┌──
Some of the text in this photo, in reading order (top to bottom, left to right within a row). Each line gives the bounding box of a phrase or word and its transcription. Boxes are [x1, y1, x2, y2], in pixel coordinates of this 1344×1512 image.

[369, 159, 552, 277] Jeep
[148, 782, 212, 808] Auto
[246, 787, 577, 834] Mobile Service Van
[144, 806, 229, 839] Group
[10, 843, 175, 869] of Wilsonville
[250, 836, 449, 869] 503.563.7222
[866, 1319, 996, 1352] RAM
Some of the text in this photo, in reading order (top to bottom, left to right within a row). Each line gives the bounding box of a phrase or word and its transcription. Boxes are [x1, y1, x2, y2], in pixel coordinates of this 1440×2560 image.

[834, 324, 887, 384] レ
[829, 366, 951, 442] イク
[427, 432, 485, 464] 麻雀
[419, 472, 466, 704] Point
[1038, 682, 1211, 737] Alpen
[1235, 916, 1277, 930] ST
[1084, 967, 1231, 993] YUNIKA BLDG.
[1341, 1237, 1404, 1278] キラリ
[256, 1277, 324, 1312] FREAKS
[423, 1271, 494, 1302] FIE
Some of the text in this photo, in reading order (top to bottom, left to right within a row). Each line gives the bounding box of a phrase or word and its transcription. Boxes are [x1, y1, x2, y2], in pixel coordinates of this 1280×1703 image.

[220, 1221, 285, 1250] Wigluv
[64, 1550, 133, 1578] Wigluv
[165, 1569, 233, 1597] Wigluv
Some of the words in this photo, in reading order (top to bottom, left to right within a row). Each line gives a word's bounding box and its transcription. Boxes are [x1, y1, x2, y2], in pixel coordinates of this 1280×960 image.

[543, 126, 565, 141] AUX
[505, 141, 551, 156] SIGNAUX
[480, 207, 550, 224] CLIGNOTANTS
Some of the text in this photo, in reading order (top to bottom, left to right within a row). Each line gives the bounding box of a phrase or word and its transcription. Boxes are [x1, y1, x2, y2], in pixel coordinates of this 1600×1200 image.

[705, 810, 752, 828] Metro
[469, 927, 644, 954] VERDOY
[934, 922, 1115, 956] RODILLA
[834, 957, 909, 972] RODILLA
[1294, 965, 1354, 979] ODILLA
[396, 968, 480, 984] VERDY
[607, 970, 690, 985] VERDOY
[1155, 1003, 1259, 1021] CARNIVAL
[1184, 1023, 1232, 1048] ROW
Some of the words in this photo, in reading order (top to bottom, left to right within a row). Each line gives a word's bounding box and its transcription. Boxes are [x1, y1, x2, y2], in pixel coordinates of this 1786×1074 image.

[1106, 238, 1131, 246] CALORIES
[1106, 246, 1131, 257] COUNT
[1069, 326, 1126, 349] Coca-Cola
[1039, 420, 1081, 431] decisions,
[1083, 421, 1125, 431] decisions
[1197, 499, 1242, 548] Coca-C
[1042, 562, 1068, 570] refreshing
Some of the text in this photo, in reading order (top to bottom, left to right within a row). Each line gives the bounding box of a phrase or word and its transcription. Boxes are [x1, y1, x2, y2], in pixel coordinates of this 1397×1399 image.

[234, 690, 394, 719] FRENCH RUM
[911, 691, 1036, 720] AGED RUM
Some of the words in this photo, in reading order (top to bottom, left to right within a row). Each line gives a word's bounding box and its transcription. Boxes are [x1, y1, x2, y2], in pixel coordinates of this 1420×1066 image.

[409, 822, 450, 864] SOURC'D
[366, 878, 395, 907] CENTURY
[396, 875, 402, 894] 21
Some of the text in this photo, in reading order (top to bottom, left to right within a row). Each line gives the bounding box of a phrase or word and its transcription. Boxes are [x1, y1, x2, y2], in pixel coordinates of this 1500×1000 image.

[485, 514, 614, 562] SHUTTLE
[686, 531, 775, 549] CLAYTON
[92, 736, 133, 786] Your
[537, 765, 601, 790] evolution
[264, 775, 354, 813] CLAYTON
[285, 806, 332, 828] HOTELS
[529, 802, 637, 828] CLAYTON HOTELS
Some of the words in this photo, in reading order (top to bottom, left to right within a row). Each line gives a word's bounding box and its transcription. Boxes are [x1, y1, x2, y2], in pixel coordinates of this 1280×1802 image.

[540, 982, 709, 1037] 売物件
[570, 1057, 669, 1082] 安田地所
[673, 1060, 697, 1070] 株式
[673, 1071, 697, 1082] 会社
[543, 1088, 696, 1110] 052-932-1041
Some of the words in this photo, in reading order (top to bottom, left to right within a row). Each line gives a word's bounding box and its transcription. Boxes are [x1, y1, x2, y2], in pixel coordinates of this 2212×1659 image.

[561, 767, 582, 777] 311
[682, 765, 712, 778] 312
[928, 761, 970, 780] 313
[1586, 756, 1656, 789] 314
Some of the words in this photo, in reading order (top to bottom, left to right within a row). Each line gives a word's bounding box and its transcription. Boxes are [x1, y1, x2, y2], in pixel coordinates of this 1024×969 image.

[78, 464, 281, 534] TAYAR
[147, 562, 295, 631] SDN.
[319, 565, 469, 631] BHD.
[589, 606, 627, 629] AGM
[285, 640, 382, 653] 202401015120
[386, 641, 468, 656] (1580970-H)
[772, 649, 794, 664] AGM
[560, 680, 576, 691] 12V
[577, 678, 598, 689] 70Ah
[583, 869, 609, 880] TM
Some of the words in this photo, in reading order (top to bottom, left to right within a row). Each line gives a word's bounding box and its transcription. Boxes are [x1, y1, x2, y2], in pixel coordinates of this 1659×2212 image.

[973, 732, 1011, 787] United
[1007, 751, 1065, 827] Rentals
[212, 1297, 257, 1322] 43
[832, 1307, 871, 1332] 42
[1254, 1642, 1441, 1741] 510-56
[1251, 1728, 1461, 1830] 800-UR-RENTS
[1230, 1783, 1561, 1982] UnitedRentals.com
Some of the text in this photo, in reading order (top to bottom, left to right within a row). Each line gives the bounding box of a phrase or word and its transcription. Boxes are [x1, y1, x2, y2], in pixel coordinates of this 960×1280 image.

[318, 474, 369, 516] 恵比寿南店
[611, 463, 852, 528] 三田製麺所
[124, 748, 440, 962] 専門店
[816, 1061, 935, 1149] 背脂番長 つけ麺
└──
◆ Aim of the task:
Output the listing above in its entirety, exactly as given.

◆ Task output:
Some of the text in this photo, in reading order (top to bottom, left to right within a row). Each line gives the bounding box of a phrase or word and its transcription. Boxes are [x1, y1, x2, y2], in pixel coordinates of this 1344×1512 image.

[369, 159, 552, 277] Jeep
[148, 782, 212, 808] Auto
[246, 787, 577, 834] Mobile Service Van
[144, 806, 229, 839] Group
[10, 843, 175, 869] of Wilsonville
[250, 836, 449, 869] 503.563.7222
[866, 1319, 996, 1352] RAM
Some of the text in this photo, in reading order (top to bottom, left to right within a row). Each line gives the bounding box of a phrase or word and its transcription. Boxes are [x1, y1, x2, y2], in pixel coordinates of this 1440×2560 image.

[834, 324, 887, 384] レ
[829, 366, 951, 442] イク
[427, 432, 485, 464] 麻雀
[419, 472, 466, 704] Point
[1038, 682, 1211, 737] Alpen
[1235, 916, 1277, 930] ST
[1084, 967, 1231, 993] YUNIKA BLDG.
[1341, 1237, 1404, 1278] キラリ
[256, 1277, 324, 1312] FREAKS
[423, 1271, 494, 1302] FIE
Some of the text in this photo, in reading order (top to bottom, left to right within a row). Each line gives the bounding box of a phrase or word and its transcription. Boxes are [x1, y1, x2, y2], in pixel coordinates of this 1280×1703 image.

[220, 1221, 285, 1250] Wigluv
[64, 1550, 133, 1578] Wigluv
[165, 1569, 233, 1597] Wigluv
Some of the words in this photo, in reading order (top to bottom, left to right within a row). Each line gives a word's bounding box and its transcription. Boxes are [x1, y1, x2, y2], in pixel coordinates of this 1280×960 image.

[543, 126, 565, 141] AUX
[505, 141, 551, 156] SIGNAUX
[480, 207, 550, 224] CLIGNOTANTS
Some of the text in this photo, in reading order (top to bottom, left to right within a row). Each line gives the bounding box of a phrase or word and its transcription. Boxes are [x1, y1, x2, y2], in pixel coordinates of this 1600×1200 image.

[705, 810, 752, 828] Metro
[469, 927, 644, 954] VERDOY
[934, 922, 1115, 956] RODILLA
[834, 957, 909, 972] RODILLA
[1294, 965, 1354, 979] ODILLA
[396, 968, 480, 984] VERDY
[607, 970, 690, 985] VERDOY
[1155, 1003, 1259, 1021] CARNIVAL
[1184, 1023, 1232, 1048] ROW
Some of the words in this photo, in reading order (top to bottom, left to right within a row). Each line gives a word's bounding box and its transcription. Boxes are [x1, y1, x2, y2], in pixel coordinates of this 1786×1074 image.

[1106, 238, 1131, 246] CALORIES
[1106, 246, 1131, 257] COUNT
[1069, 326, 1126, 349] Coca-Cola
[1039, 420, 1081, 431] decisions,
[1083, 421, 1125, 431] decisions
[1197, 499, 1242, 548] Coca-C
[1042, 562, 1068, 570] refreshing
Some of the text in this photo, in reading order (top to bottom, left to right within a row). Each line gives the bounding box of a phrase or word and its transcription. Boxes are [x1, y1, x2, y2], in pixel coordinates of this 1397×1399 image.

[234, 690, 394, 719] FRENCH RUM
[911, 691, 1036, 720] AGED RUM
Some of the words in this photo, in reading order (top to bottom, left to right within a row). Each line gives a word's bounding box and its transcription. Boxes are [x1, y1, x2, y2], in pixel coordinates of this 1420×1066 image.

[409, 822, 450, 864] SOURC'D
[366, 878, 395, 907] CENTURY
[396, 875, 402, 894] 21
Some of the text in this photo, in reading order (top to bottom, left to right within a row). Each line gives the bounding box of a phrase or word and its transcription. Boxes are [x1, y1, x2, y2], in pixel coordinates of this 1500×1000 image.

[485, 514, 614, 562] SHUTTLE
[686, 531, 775, 549] CLAYTON
[92, 736, 133, 786] Your
[537, 765, 601, 790] evolution
[264, 775, 354, 813] CLAYTON
[285, 806, 332, 828] HOTELS
[529, 802, 637, 828] CLAYTON HOTELS
Some of the words in this photo, in reading order (top to bottom, left to right within a row). Each line gives a word's bounding box and its transcription. Boxes are [x1, y1, x2, y2], in pixel coordinates of this 1280×1802 image.

[540, 982, 709, 1037] 売物件
[570, 1057, 669, 1082] 安田地所
[673, 1060, 697, 1070] 株式
[673, 1071, 697, 1082] 会社
[543, 1088, 696, 1110] 052-932-1041
Some of the words in this photo, in reading order (top to bottom, left to right within a row). Each line gives a word's bounding box and its transcription. Boxes are [x1, y1, x2, y2], in pixel coordinates of this 2212×1659 image.

[561, 767, 582, 777] 311
[682, 765, 712, 778] 312
[928, 761, 970, 780] 313
[1586, 756, 1656, 789] 314
Some of the words in this photo, in reading order (top to bottom, left to right within a row). Each line gives a word's bounding box and its transcription. Boxes are [x1, y1, x2, y2], in pixel coordinates of this 1024×969 image.

[78, 464, 281, 534] TAYAR
[147, 562, 295, 631] SDN.
[319, 565, 469, 631] BHD.
[589, 606, 627, 629] AGM
[285, 640, 382, 653] 202401015120
[386, 641, 468, 656] (1580970-H)
[772, 649, 794, 664] AGM
[560, 680, 576, 691] 12V
[577, 678, 598, 689] 70Ah
[583, 869, 609, 880] TM
Some of the words in this photo, in reading order (top to bottom, left to right within a row). Each line gives a word's bounding box and its transcription. Boxes are [x1, y1, x2, y2], in pixel coordinates of this 1659×2212 image.

[973, 732, 1011, 787] United
[1007, 751, 1065, 827] Rentals
[212, 1297, 257, 1322] 43
[832, 1307, 871, 1332] 42
[1254, 1642, 1441, 1741] 510-56
[1251, 1728, 1461, 1830] 800-UR-RENTS
[1230, 1783, 1561, 1982] UnitedRentals.com
Some of the text in this photo, in reading order (top to bottom, left to right within a row). Each line gives the bounding box of a phrase or word and its transcription. Boxes are [x1, y1, x2, y2], in pixel coordinates of this 960×1280 image.

[318, 474, 369, 516] 恵比寿南店
[611, 463, 852, 528] 三田製麺所
[124, 748, 440, 962] 専門店
[816, 1061, 935, 1149] 背脂番長 つけ麺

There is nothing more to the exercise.